*Records for the exercise*

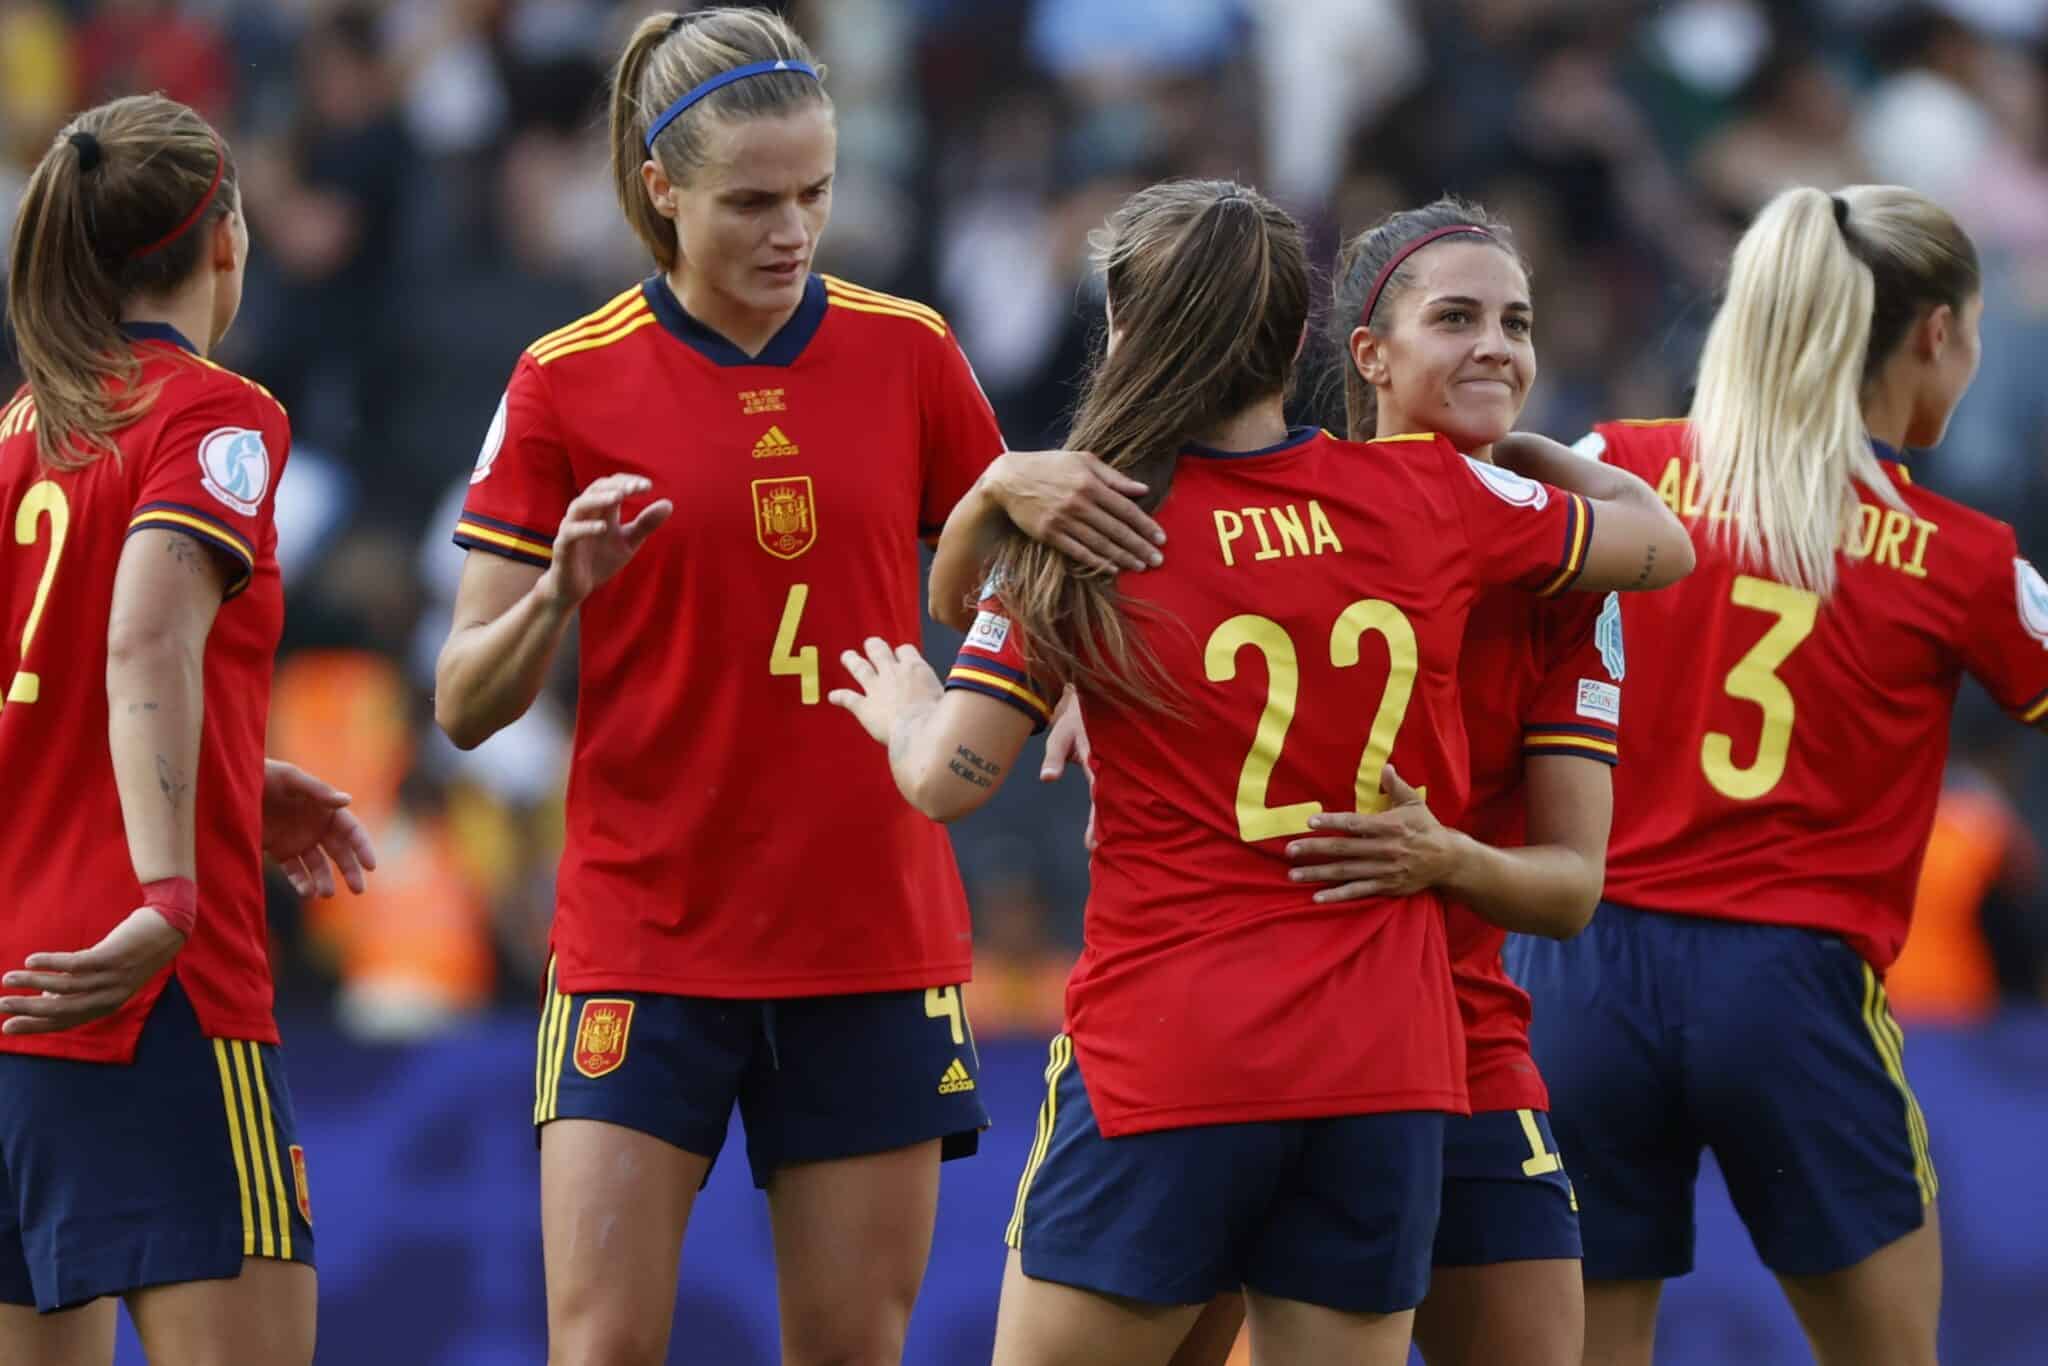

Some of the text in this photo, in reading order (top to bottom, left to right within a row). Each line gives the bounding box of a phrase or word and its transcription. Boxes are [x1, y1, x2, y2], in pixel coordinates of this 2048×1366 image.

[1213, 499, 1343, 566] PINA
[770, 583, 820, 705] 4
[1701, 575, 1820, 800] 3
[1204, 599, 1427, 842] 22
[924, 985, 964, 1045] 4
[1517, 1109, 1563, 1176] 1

*Problem description*
Leave the pictures behind and repeat each entry exactly.

*Answer for this exercise*
Some of the text in this photo, in reading order (top to bottom, left to right within a row). Each line gives the bounding box of a phrase or word and its transcription. Boxes are [x1, y1, x2, y2], in pixel coordinates of this 2048×1366 image.

[1213, 499, 1343, 566] PINA
[770, 583, 820, 705] 4
[1701, 575, 1820, 800] 3
[1204, 599, 1427, 842] 22
[924, 985, 964, 1045] 4
[1517, 1109, 1563, 1176] 1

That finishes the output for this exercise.